Xylazine Detected in Over 60% of Pacific Northwest Fentanyl Samples, DEA Reports
The DEA's Pacific Northwest field division warns that xylazine — a veterinary sedative — is now present in most fentanyl seized in Oregon, Washington, and Idaho. Naloxone still works on the opioid component, but additional risks require attention.
The DEA's Pacific Northwest field division reported this week that xylazine — a veterinary sedative not approved for human use — is now present in 62% of fentanyl samples seized in Oregon, Washington, and Idaho during the first quarter of 2026. That is up from 41% in the same period last year.
If you or someone you know uses opioids that may come from the illicit supply, this changes the calculus on overdose response in specific ways.
What Xylazine Does
Xylazine is a sedative used in veterinary medicine. In humans, at the doses now appearing in adulterated fentanyl, it causes:
- Deep sedation that can last much longer than a typical opioid overdose.

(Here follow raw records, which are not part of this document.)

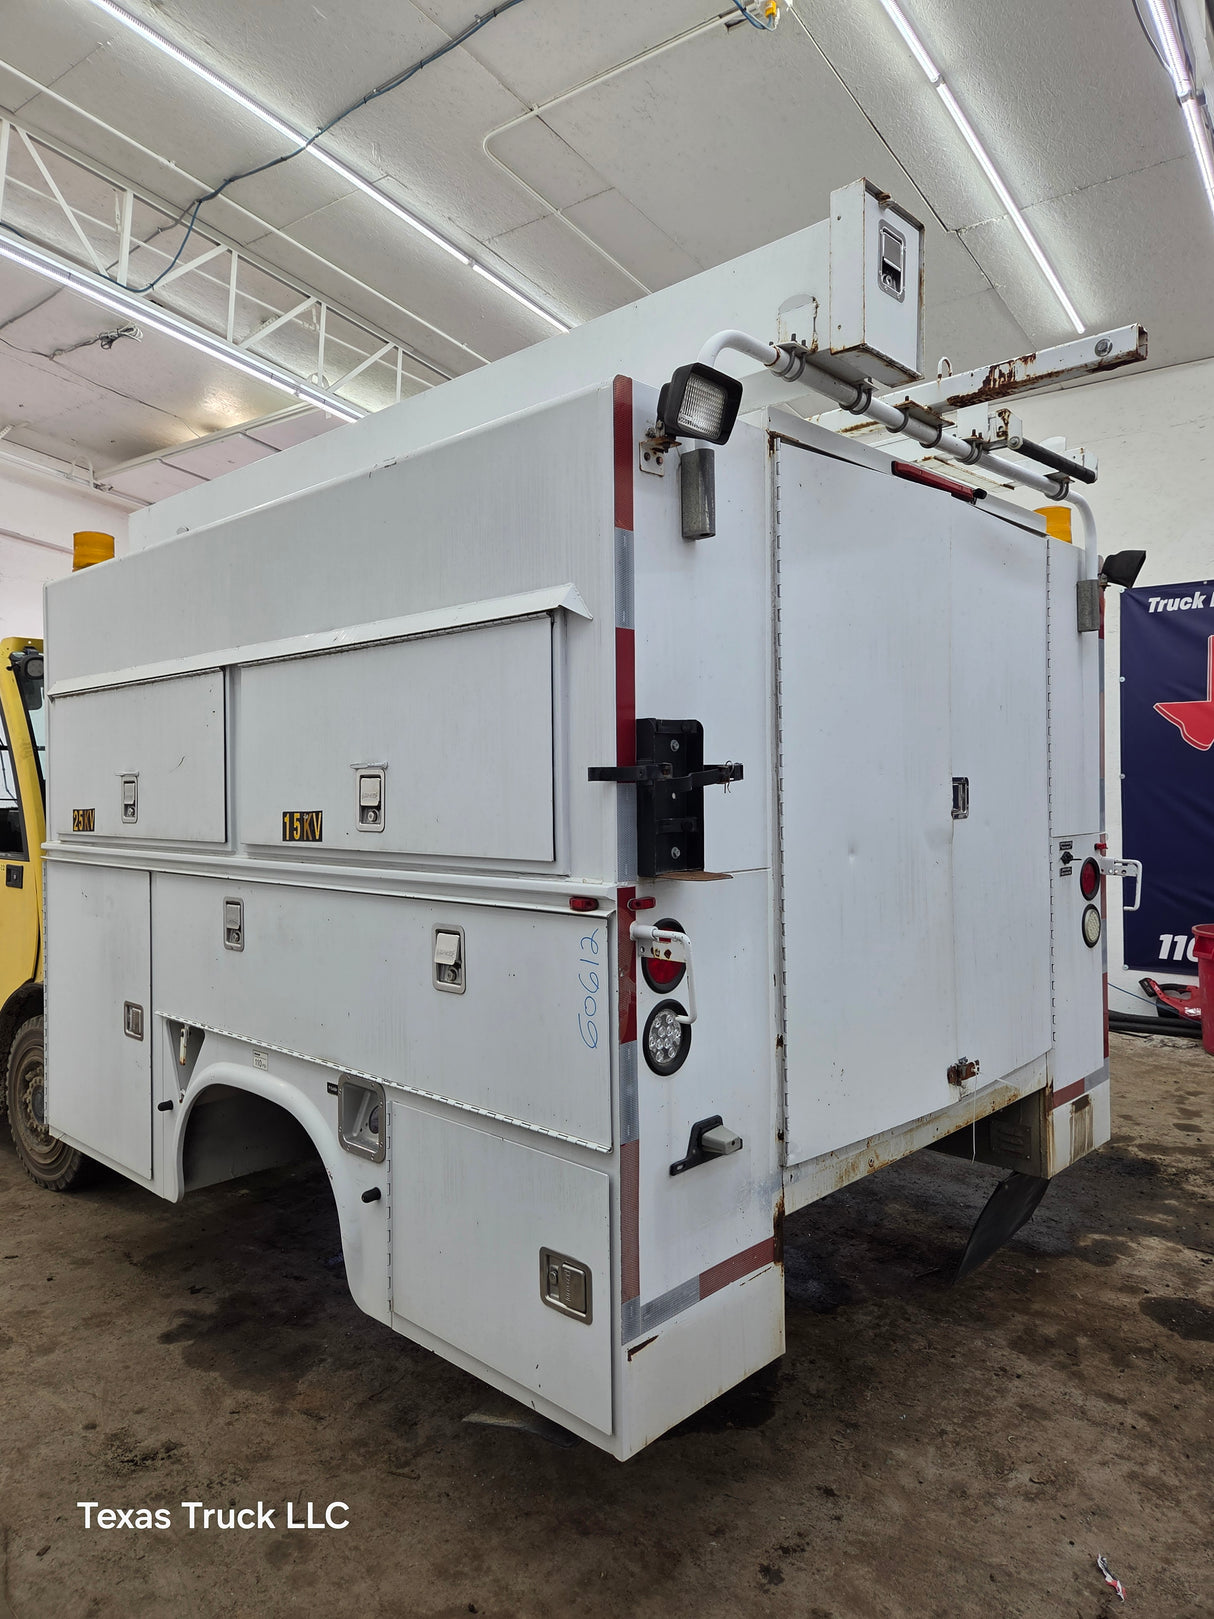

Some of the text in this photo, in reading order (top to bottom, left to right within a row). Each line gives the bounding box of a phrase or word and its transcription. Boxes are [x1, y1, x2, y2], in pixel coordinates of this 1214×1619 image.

[1148, 591, 1207, 613] Truck
[73, 809, 95, 832] 25KV
[284, 812, 322, 841] 15KV
[578, 928, 600, 1049] 60612
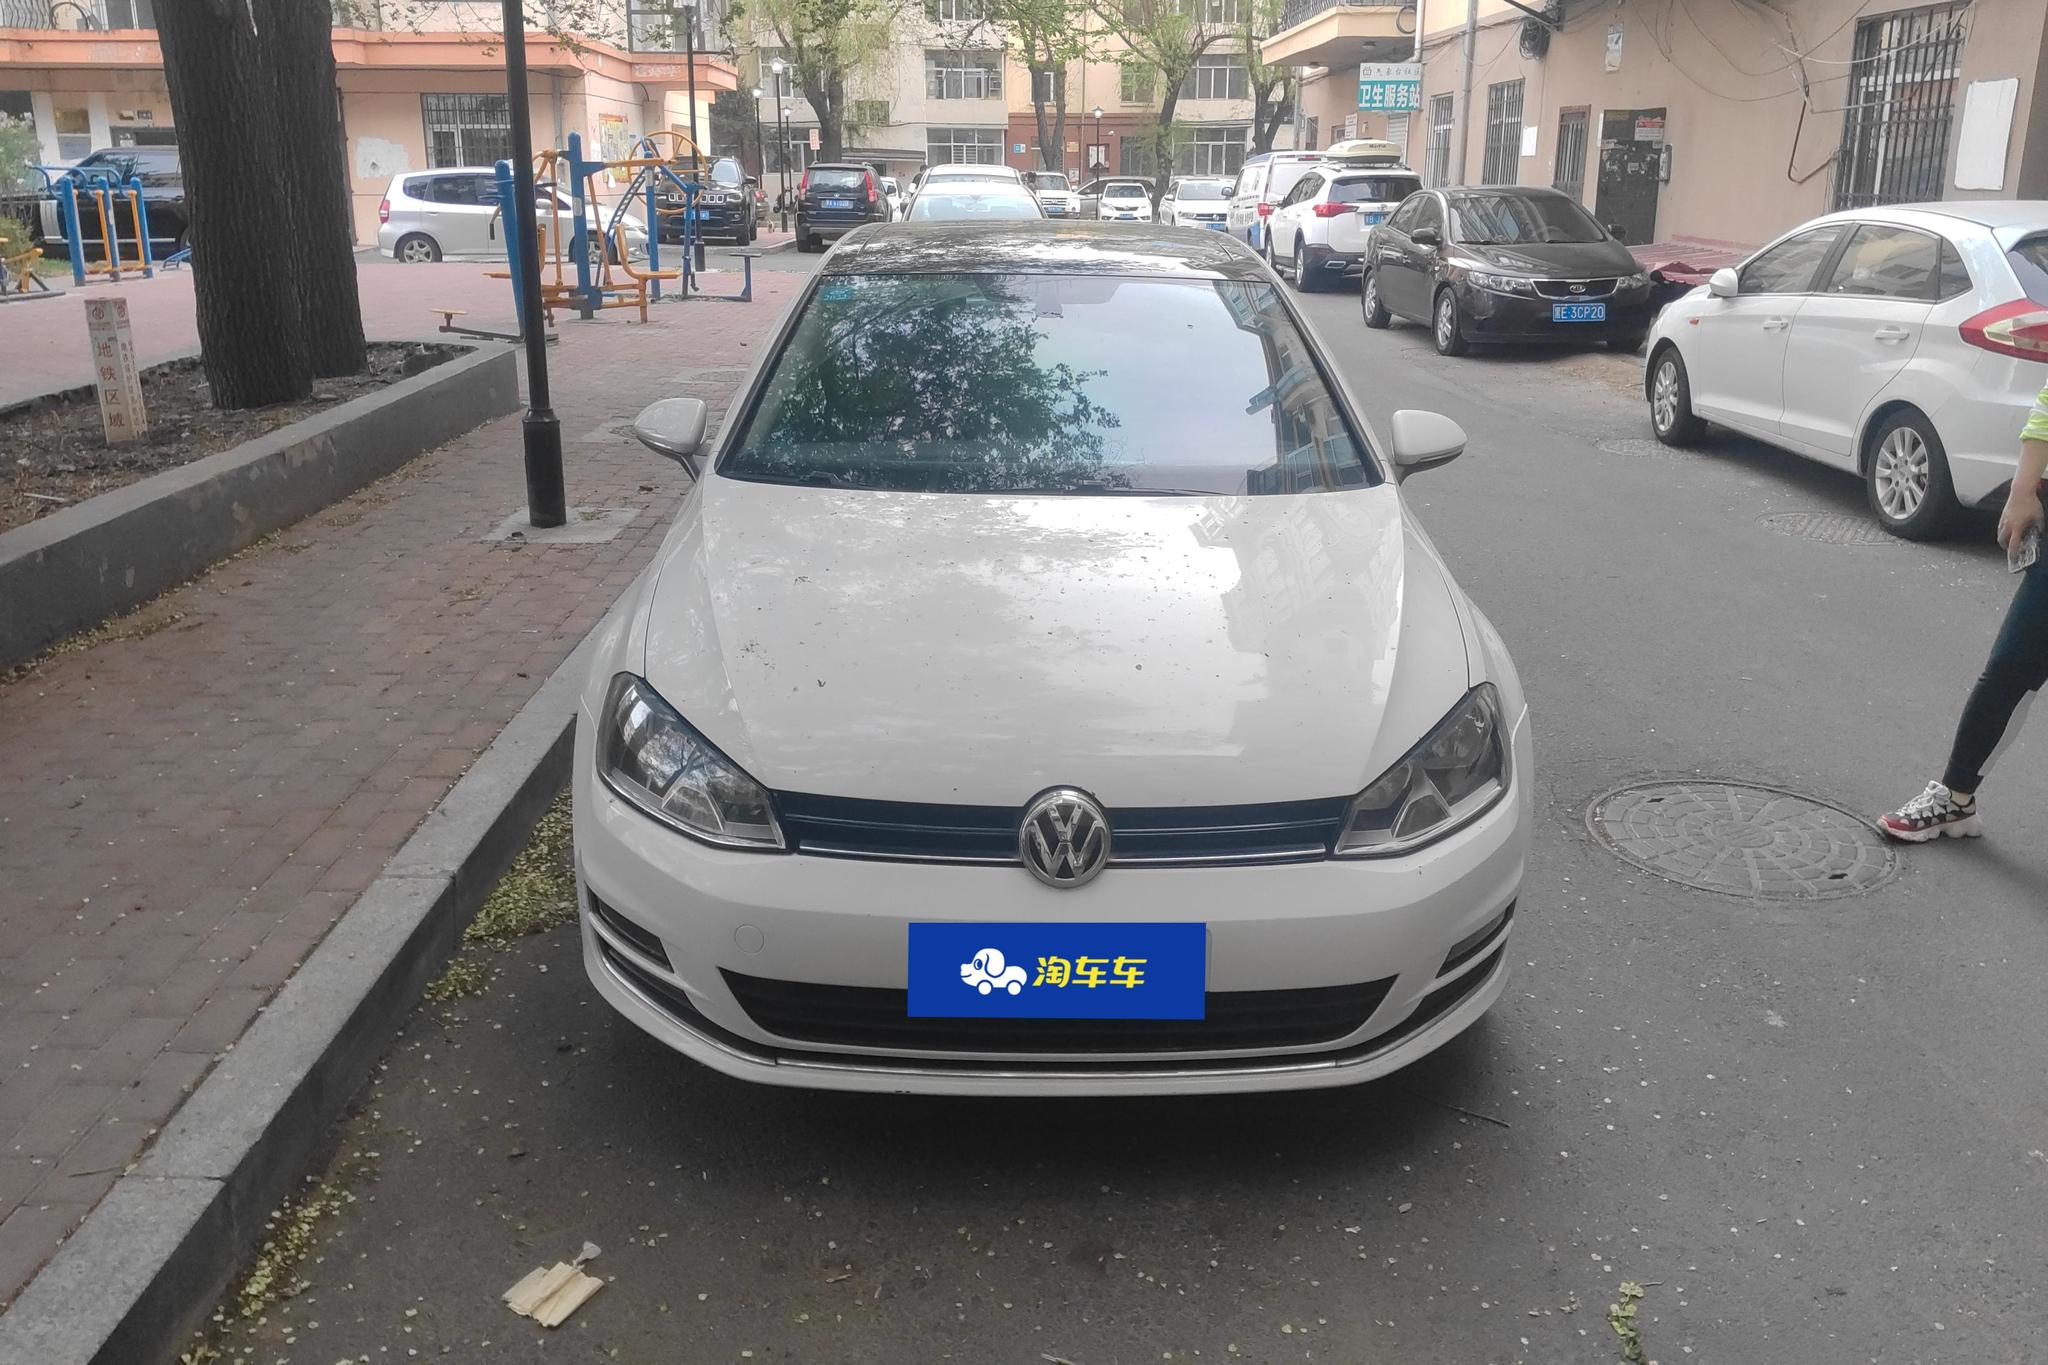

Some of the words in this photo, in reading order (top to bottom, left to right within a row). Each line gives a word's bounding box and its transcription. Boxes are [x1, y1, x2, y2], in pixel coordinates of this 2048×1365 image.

[1359, 83, 1420, 108] 卫生服务站
[97, 341, 125, 428] 地铁区域

- Respiratory depression that compounds the effect of fentanyl.
- Severe skin wounds with repeated exposure — often appearing far from injection sites because of vascular damage.
- Cardiovascular effects including dangerously low blood pressure.
It is not an opioid. That is the key clinical point and the one most often misunderstood.
Naloxone Still Works — But Not for Everything
Naloxone (Narcan) reverses the opioid component of an overdose. Because most xylazine-involved overdoses also involve fentanyl, naloxone is still the right first response and can save lives.
What changes:
- The person may not wake up fully even after naloxone reverses the opioid. They may continue to breathe inadequately because of xylazine sedation.
- Rescue breathing matters more. Continue rescue breaths and call 911 even if the person is breathing somewhat after naloxone.
- Do not assume the person is "fine" because they responded to naloxone. Xylazine sedation can re-emerge as the naloxone wears off.
There is no approved xylazine reversal agent. Supportive care — airway management, oxygen, IV fluids — is the medical response, and it requires emergency services.
What To Do If You Use
Harm-reduction guidance from the CDC and from harm-reduction organizations across the region:
- Never use alone. If using alone is unavoidable, call the Never Use Alone hotline at 1-800-484-3731. They stay on the line during use and call 911 if you go unresponsive.
- Test your supply. Fentanyl test strips do not detect xylazine, but xylazine test strips are now distributed by most syringe service programs in Oregon, Washington, and Idaho.
- Carry naloxone — and carry more than one dose. Multi-dose response is increasingly necessary.
- Know that recovery is possible from where you are. Medication-assisted treatment (buprenorphine, methadone) reduces overdose death risk by more than half.
Skin Wound Risk
The skin lesions associated with chronic xylazine exposure can develop into serious infections that require hospitalization, IV antibiotics, and sometimes amputation. They appear as dry, blackened areas of dead skin and often do not heal without medical care.
If you see these wounds on yourself or someone you know, they require medical attention even if they do not hurt. Harm-reduction organizations in Portland, Seattle, and Boise offer wound-care clinics that do not require insurance and do not report patients to law enforcement.
Where to Find Help
- SAMHSA National Helpline: 1-800-662-4357 (free, confidential, 24/7)
- 988 Suicide & Crisis Lifeline: Call or text 988
- Never Use Alone: 1-800-484-3731
If you are seeking treatment and need help understanding your options, our directory lists accredited facilities by location and accepted insurance.
What's Next
The DEA and state public health departments are coordinating expanded distribution of xylazine test strips through 2026, with funding from opioid settlement allocations. State medical examiners in all three states are tracking xylazine-involved deaths separately from opioid-only deaths beginning July 1, 2026 — the first time this data will be reported in standardized form across the region.
We will update this article when new clinical guidance is released. For now: the message is that naloxone saves lives, rescue breathing matters, and getting to a hospital after an overdose response is more important than it used to be.